Susan is a library assistant who uses her insider access to keep her shelves and to-read list permanently overflowing. She can usually be found writing for Hugo-winning media blog Lady Business or bringing the tweets and shouting on twitter.

Danika reviews Marriage of a Thousand Lies by SJ Sindu

When Lucky and Kris first got married, they delighted at having pulled the wool over everyone’s eyes. Lucky was welcomed back into her Sri Lanken-American family. Kris didn’t have to worry about getting deported after his family turned their backs on him. And if they both pocketed their wedding rings and went to gay clubs on the weekends, what was the harm? Unfortunately, if you live a lie long enough, it can start to take over.

Lucky is restless and unhappy in the in-between life she’s made for herself. She bounces between her mother’s home, where her grandmother is ill, and her apartment where she lives with her gay husband. Apart from not actually being a romantic couple, they also don’t get along that well as friends–at least, not anymore. And now the love of her life is entering into an arranged marriage, at least partially because she believes that it worked for Lucky. She’s trapped between impossible trade-offs: live a lie forever, or lose her family and culture?

Lucky has two sisters, each of whom picked a different side: one took off in the night to escape her mother’s restrictive rules about her life (marry a good Sri Lanken man, behave in the prescribed ways). The family has barely heard from her since, and never sees her. Her grandmother asks for her daily, constantly wanting to meet her great-grandaughter. As Lucky sits with her elderly grandmother as she cries for the baby she longs to hold, she can’t imagine breaking her mother and grandmother’s hearts again in this way. But Lucky’s other sister walked away from the boyfriend who adored her to enter into an arranged marriage, and despite her insistence that she’s happy, there’s a hollowness to her eyes now. Every choice is a trade off. Every life means another one left behind.

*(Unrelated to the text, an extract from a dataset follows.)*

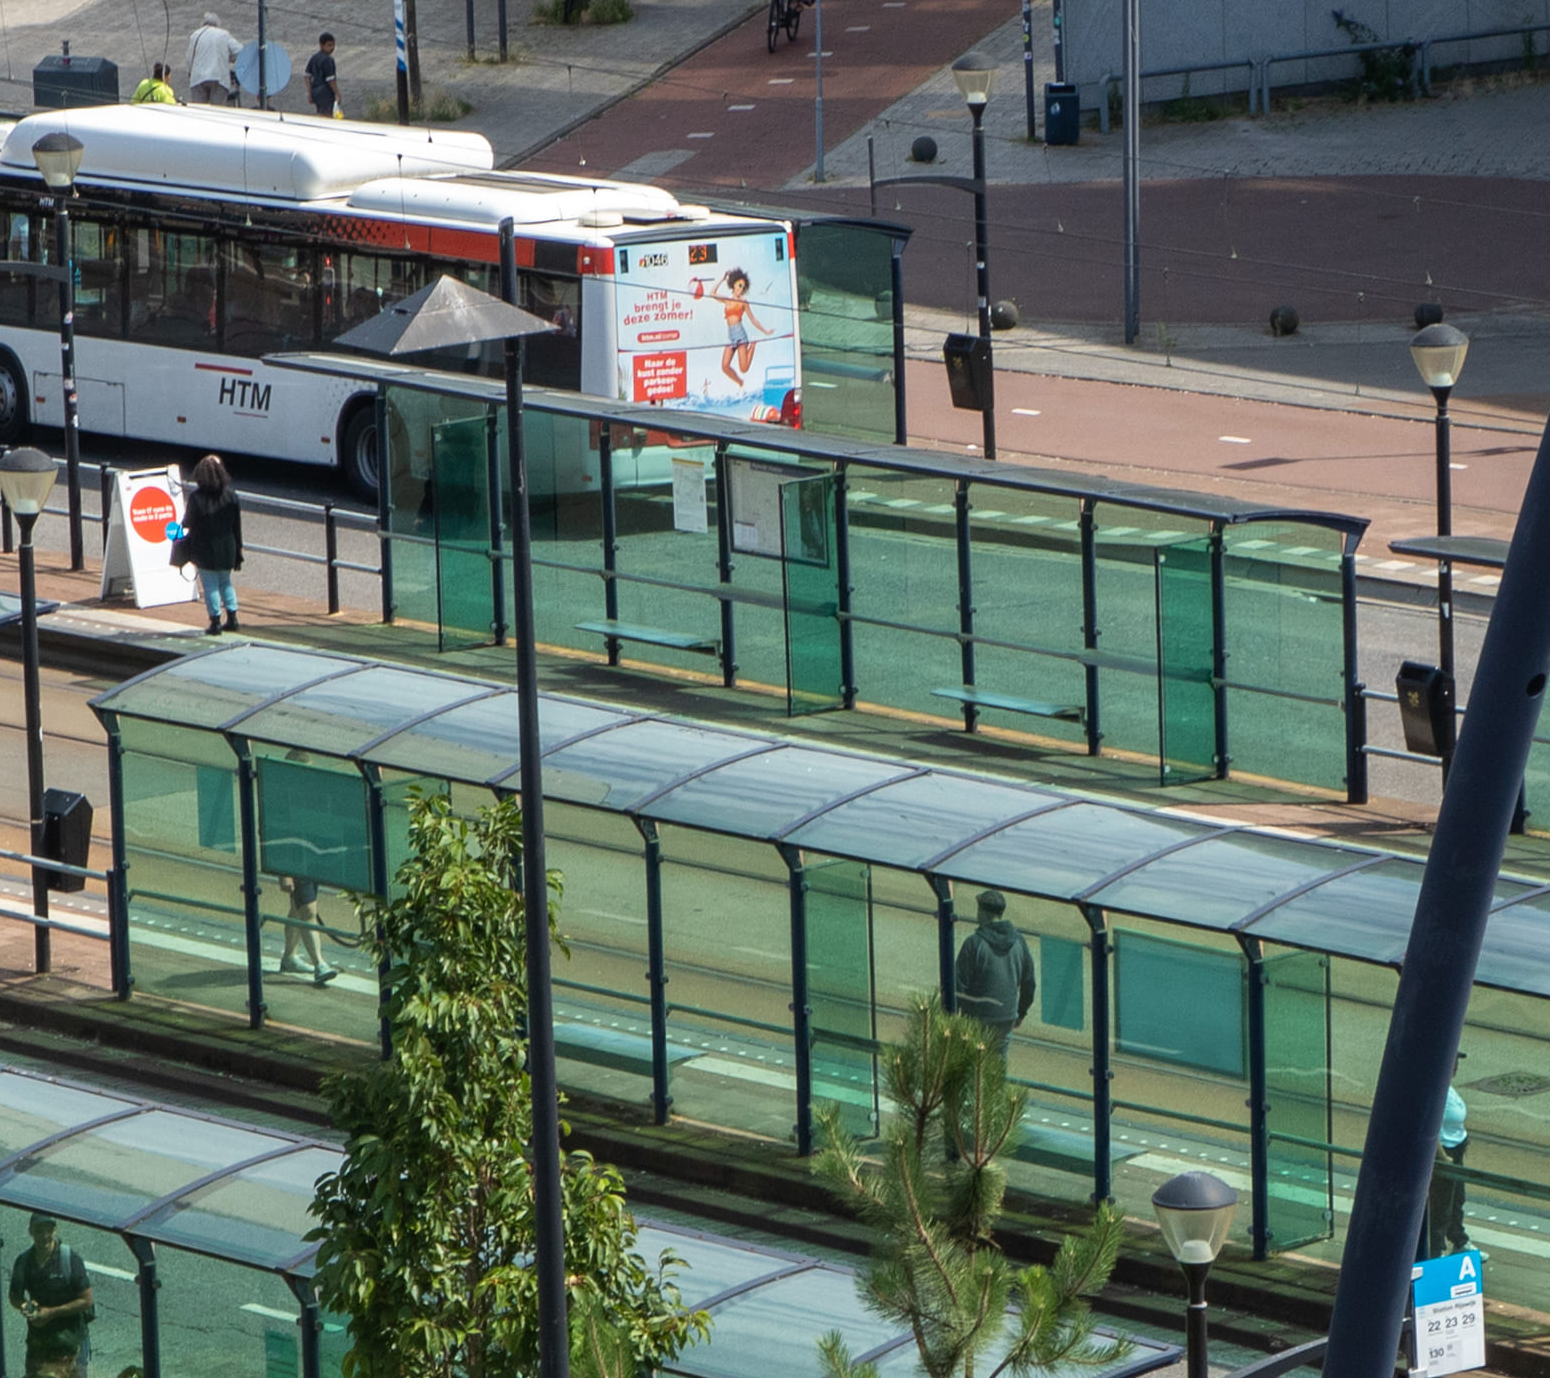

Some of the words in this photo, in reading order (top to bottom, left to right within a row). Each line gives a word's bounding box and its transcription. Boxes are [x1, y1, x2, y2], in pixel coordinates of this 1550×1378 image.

I’ll admit that although I believe this is a well-written book, and I can imagine it would be a favourite for the right reader, I didn’t find it enjoyable to read. It feels claustrophobic and stifling. The plot doesn’t move forward as much as circle tighter and tighter. Lucky can’t see a way forward. Her relationship with Nisha is painful, as Nisha pulls her close and then pushes her away as she goes through her own panic about her life. Lucky feels alone as the brown girl at the queer party and the queer (or, at least, not quite acceptably feminine) girl in her Sri Lanken community. Her mother is controlling, but she’s also vulnerable and desperately trying to hold her family together.

It feels messy and bleak as Lucky bounces between her options: abandon her family and join with the queer, rugby-playing, semi-communal household? Have a baby with Kris and double down on the fake marriage? Convince her mother to accept her as she is, while Amma weeps endlessly at the idea? There aren’t easy answers. At the same time, I did get a little frustrated at Lucky’s feeble attempts at autonomy. She makes a little money online with her art, but she makes no effort to do anything that would make her financially independent, meaning that she is reliant on her mother or Kris to survive. I felt like just getting any kind of additional income would help immensely in her having more autonomy in her life, but she didn’t pursue that at all.

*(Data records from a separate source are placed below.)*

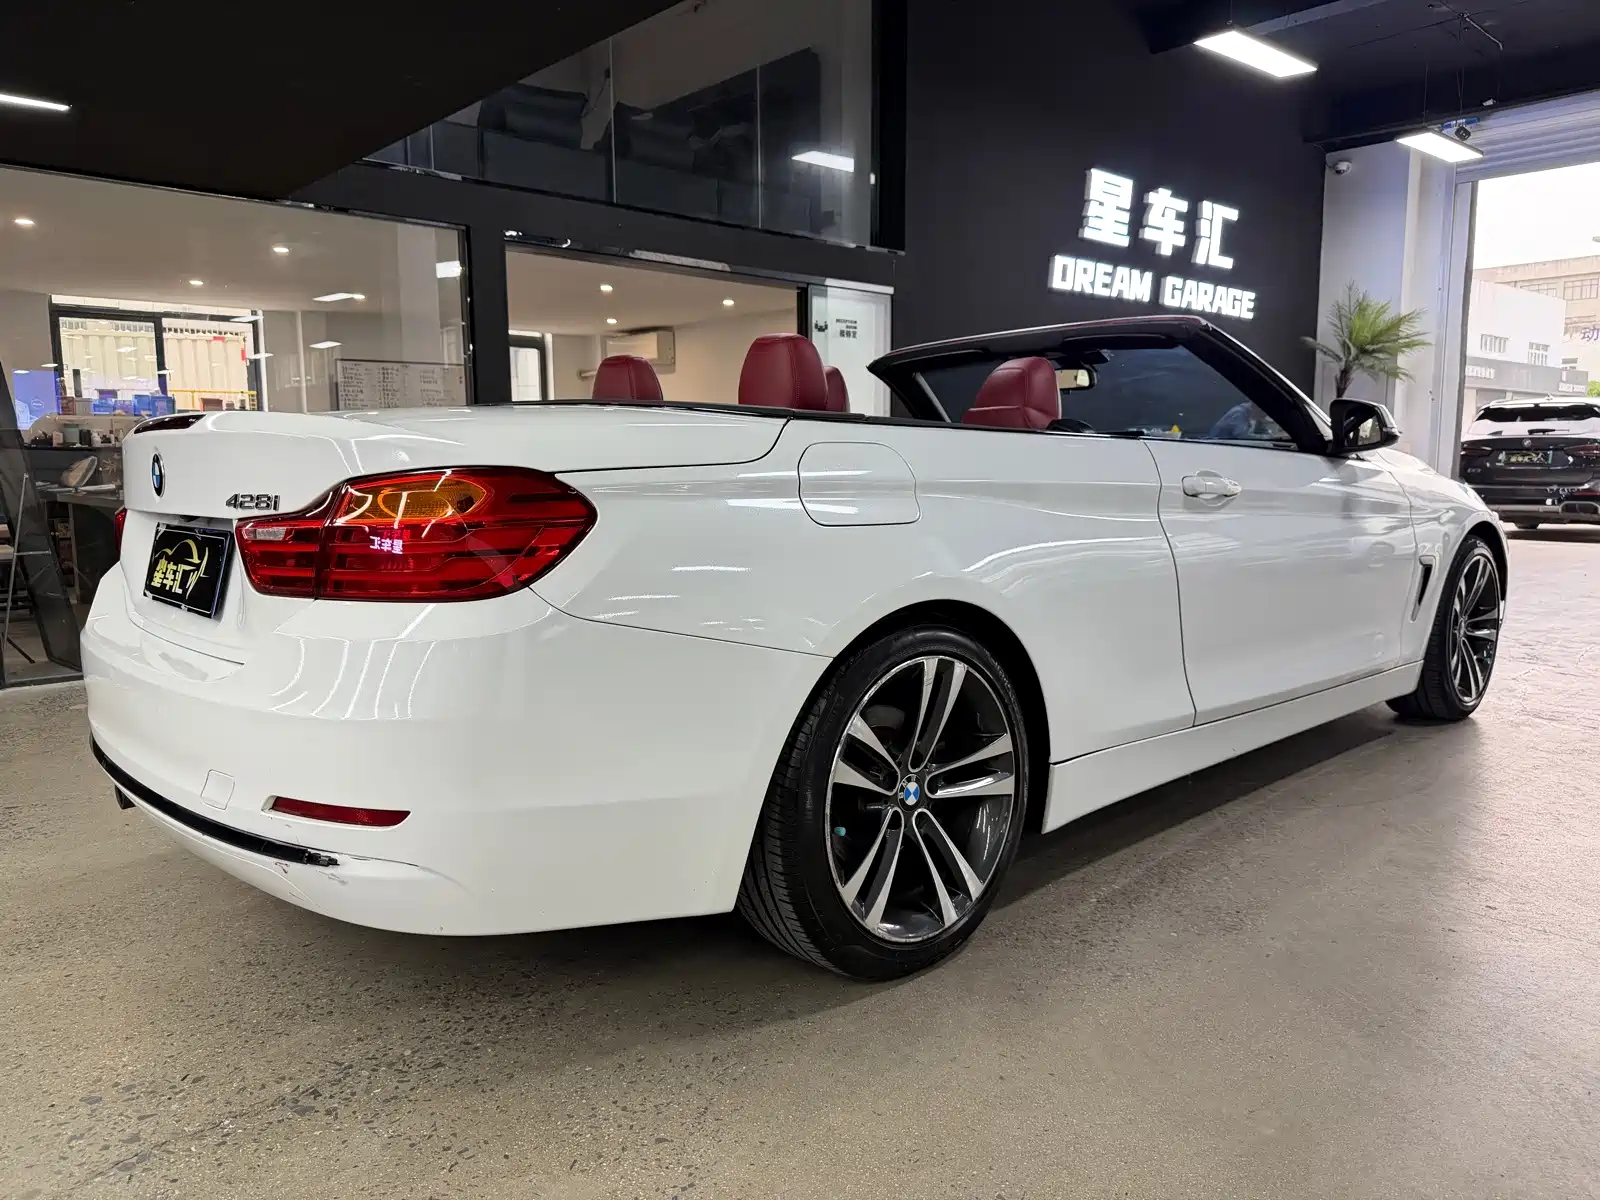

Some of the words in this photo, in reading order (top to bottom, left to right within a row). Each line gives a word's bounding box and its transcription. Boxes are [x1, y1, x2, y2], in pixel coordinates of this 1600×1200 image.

[1079, 168, 1239, 269] 星车汇
[1049, 254, 1153, 302] DREAM
[1159, 275, 1256, 320] GARAGE
[225, 493, 280, 511] 428i
[151, 557, 197, 595] 星车汇
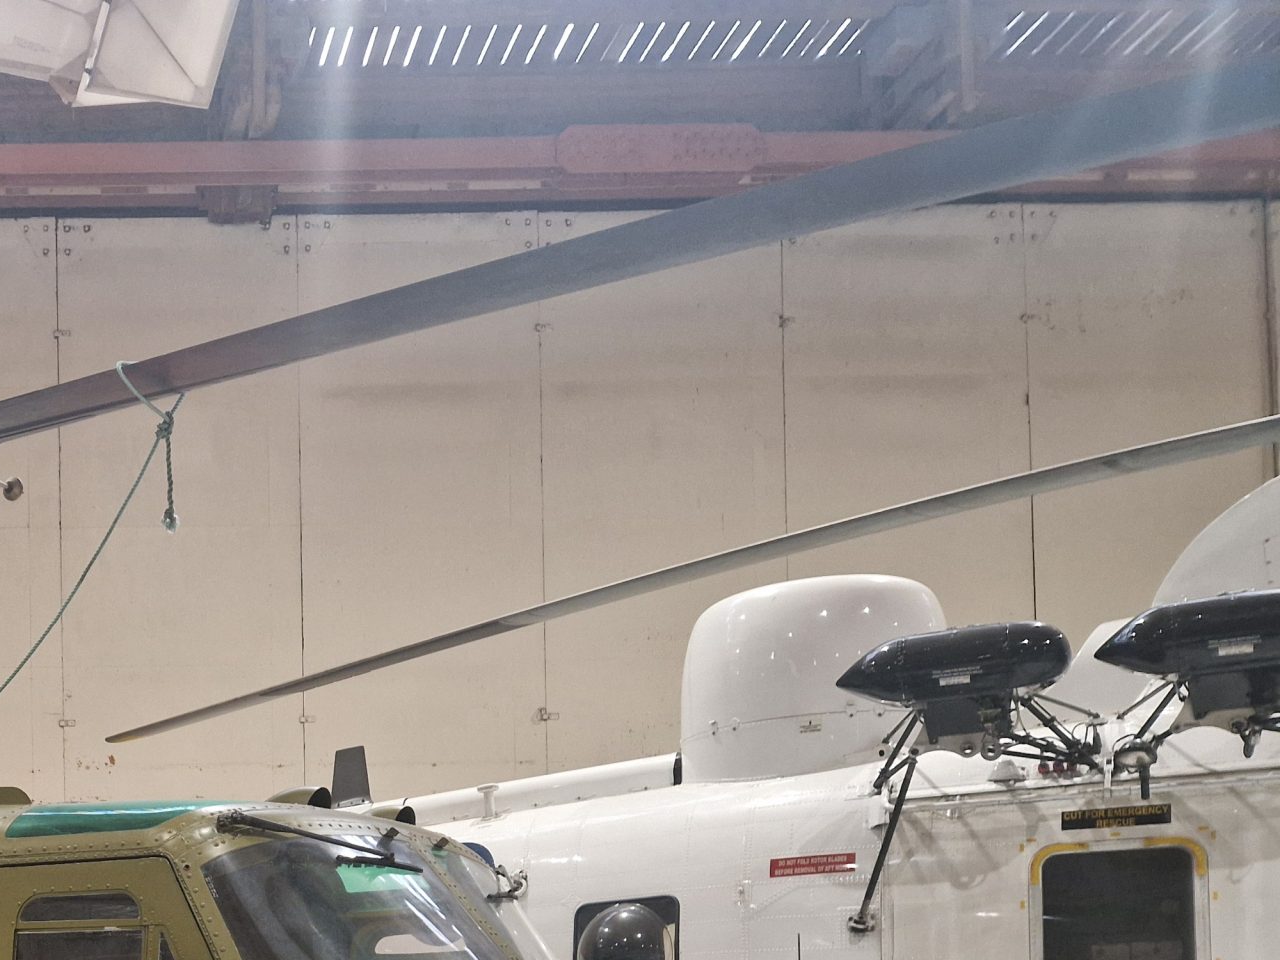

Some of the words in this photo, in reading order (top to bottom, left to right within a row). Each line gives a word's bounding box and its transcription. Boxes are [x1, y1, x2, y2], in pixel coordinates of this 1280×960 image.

[1085, 809, 1105, 819] FOR
[1107, 804, 1169, 818] EMERGENCY
[1096, 817, 1136, 828] RESCUE

This is a book that I appreciated, but didn’t exactly enjoy. I’m glad that it is out there for the right readers, but it’s not one that personally clicked with me.

Shira Glassman reviews Bliss by Fiona Zedde

Bliss by Fiona Zedde is a finding-your-place story as much as it is a love story; or you could say it’s a love story between a woman and the self she’s supposed to be or the type of life she’s supposed to be living. It’s also highly erotic, reveling in the sensuality of its characters’ bodies, but in a respectful and almost reverential way that elevates ordinary body parts to a sort of glowing, visceral divinity.

Bliss Sinclair, a Jamaican-American woman who goes by Sinclair in honor of her dead mother’s surname, has been living a fairly tropey “money can’t buy you happiness” existence as a high-powered accountant on the gazillionth floor of a fancy building. She doesn’t really have friends who mean anything to her and she tolerates her boyfriend’s affection because it’s what you do. Lesbian identity is sitting on her emotional front porch stoop playing on its phone but she hasn’t quite had the courage to open the door yet.

When she finally does get a chance to figure out that she’s really only attracted to women, she gets taken advantage of by a woman who is pushy and misleading. The inevitable happens, at which point she heads back to Jamaica for an extended vacation to see her father and meet his new wife and kid.

She quickly winds up introduced to the local lesbian community and has to learn everybody’s old drama as she’s also getting used to being around her family again. I found most of the supporting characters and the relational world Zedde sets up for this story really appealing–there’s an immense sense of interconnectedness that includes the dead characters we never get to meet in person as well. Zedde also gives us a rich, vivid, and easy to picture world of tropical plants, Jamaican food, what kinds of things there are to do in Jamaica if you’re there on vacation, and what kinds of jobs the locals do. Whiteness hovers in the background as a clueless, absent employer but is never really present on-screen.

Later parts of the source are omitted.